Make an exact copy of the records, with the pictures left out.

Start of Dataset entries

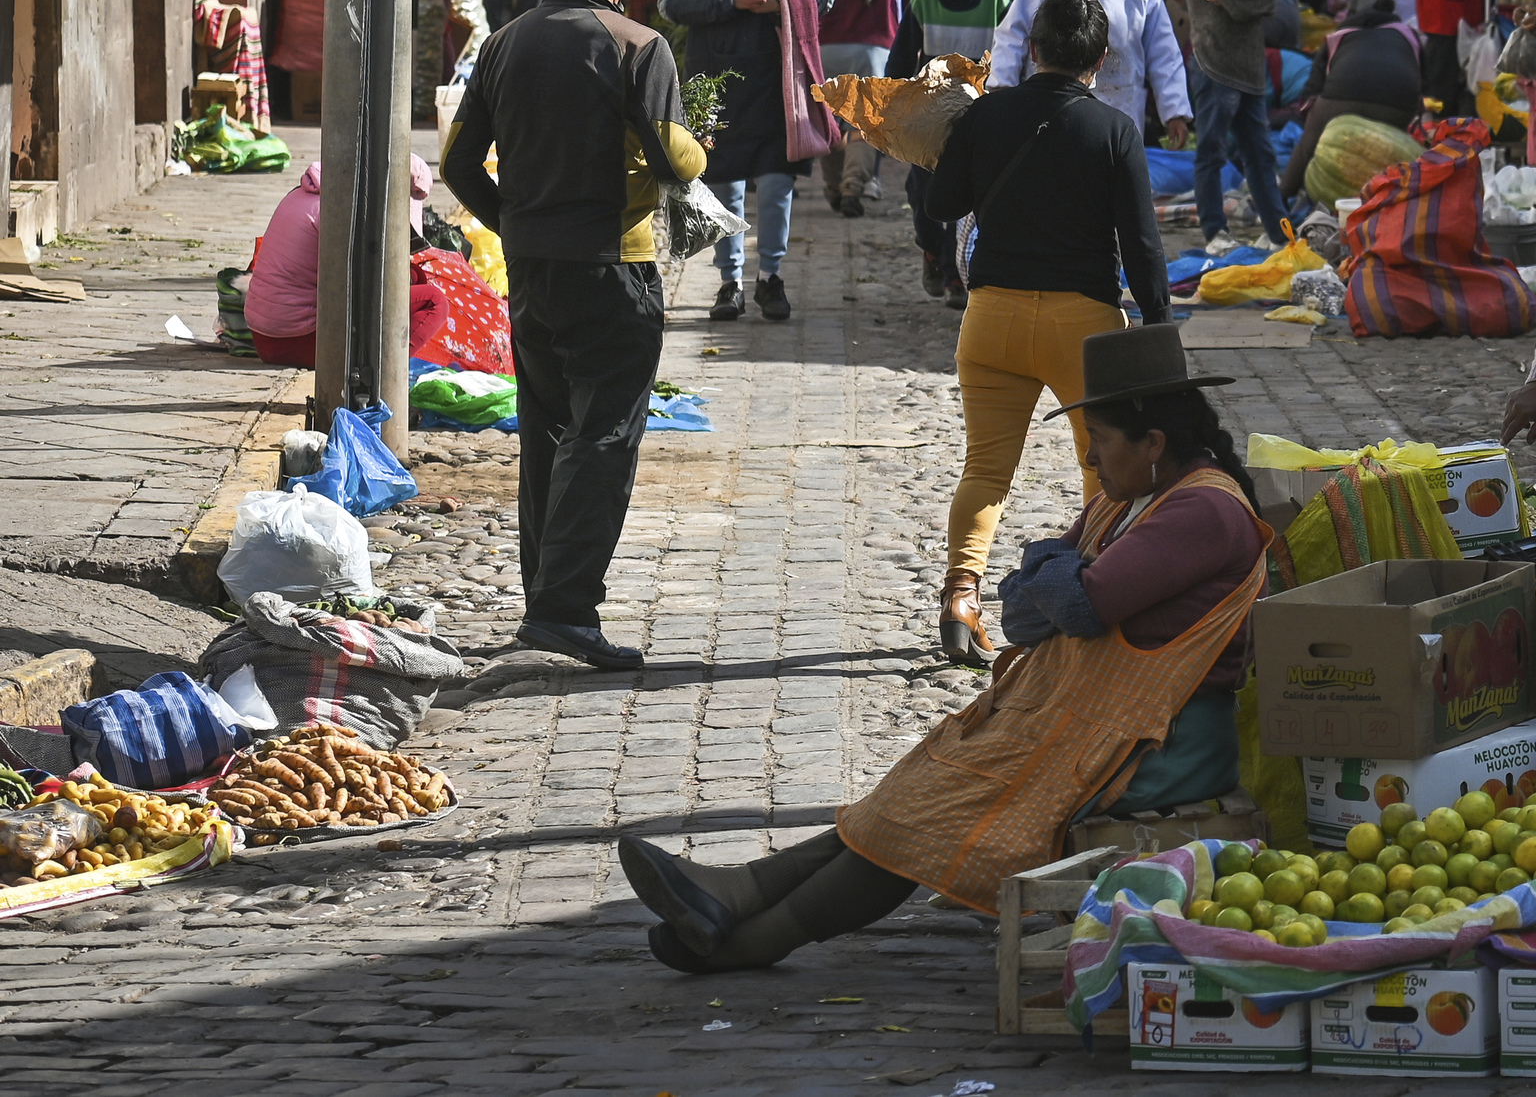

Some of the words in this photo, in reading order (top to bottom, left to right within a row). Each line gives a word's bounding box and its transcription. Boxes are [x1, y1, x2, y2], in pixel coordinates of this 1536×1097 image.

[1283, 691, 1314, 700] Calidad
[1317, 692, 1327, 700] de
[1329, 692, 1382, 702] Exportación
[1486, 755, 1530, 773] HUAYCO
[1372, 986, 1417, 995] HUAYCO
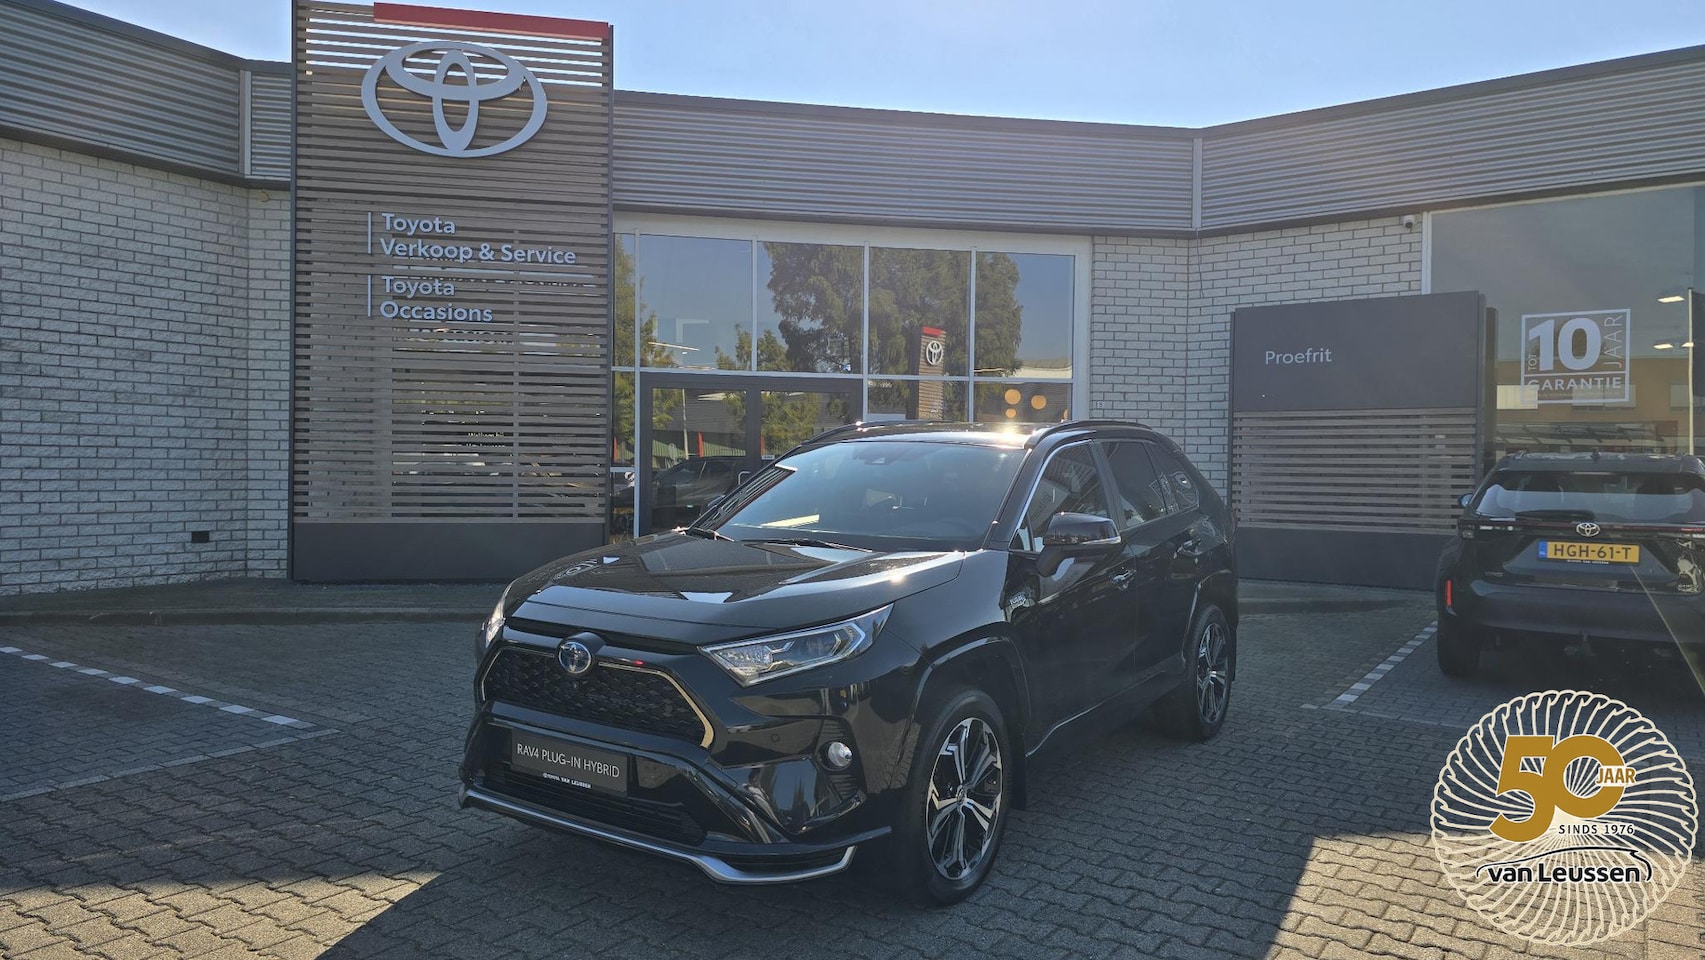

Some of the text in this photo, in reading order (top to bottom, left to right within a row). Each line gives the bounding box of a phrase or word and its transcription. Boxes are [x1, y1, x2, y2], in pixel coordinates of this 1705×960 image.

[381, 212, 456, 236] Toyota
[380, 238, 576, 264] Verkoop & Service
[381, 275, 456, 298] Toyota
[380, 301, 493, 322] Occasions
[1528, 317, 1602, 371] TOT 10
[1603, 314, 1623, 369] JAAR
[1265, 347, 1332, 365] Proefrit
[1527, 376, 1622, 391] GARANTIE
[1553, 543, 1632, 560] HGH-61-T
[517, 743, 620, 778] RAV4 PLUG-IN HYBRID

End of Dataset entries

- [Written response]
Some of the words in this photo, in reading order (top to bottom, left to right within a row). Each line gives a word's bounding box and its transcription. Boxes are [x1, y1, x2, y2], in pixel coordinates of this 1536×1097 image.

[1283, 691, 1314, 700] Calidad
[1317, 692, 1327, 700] de
[1329, 692, 1382, 702] Exportación
[1486, 755, 1530, 773] HUAYCO
[1372, 986, 1417, 995] HUAYCO

Some of the text in this photo, in reading order (top to bottom, left to right within a row). Each line gives the bounding box of a phrase or word and its transcription. Boxes are [x1, y1, x2, y2], in pixel coordinates of this 1705×960 image.

[381, 212, 456, 236] Toyota
[380, 238, 576, 264] Verkoop & Service
[381, 275, 456, 298] Toyota
[380, 301, 493, 322] Occasions
[1528, 317, 1602, 371] TOT 10
[1603, 314, 1623, 369] JAAR
[1265, 347, 1332, 365] Proefrit
[1527, 376, 1622, 391] GARANTIE
[1553, 543, 1632, 560] HGH-61-T
[517, 743, 620, 778] RAV4 PLUG-IN HYBRID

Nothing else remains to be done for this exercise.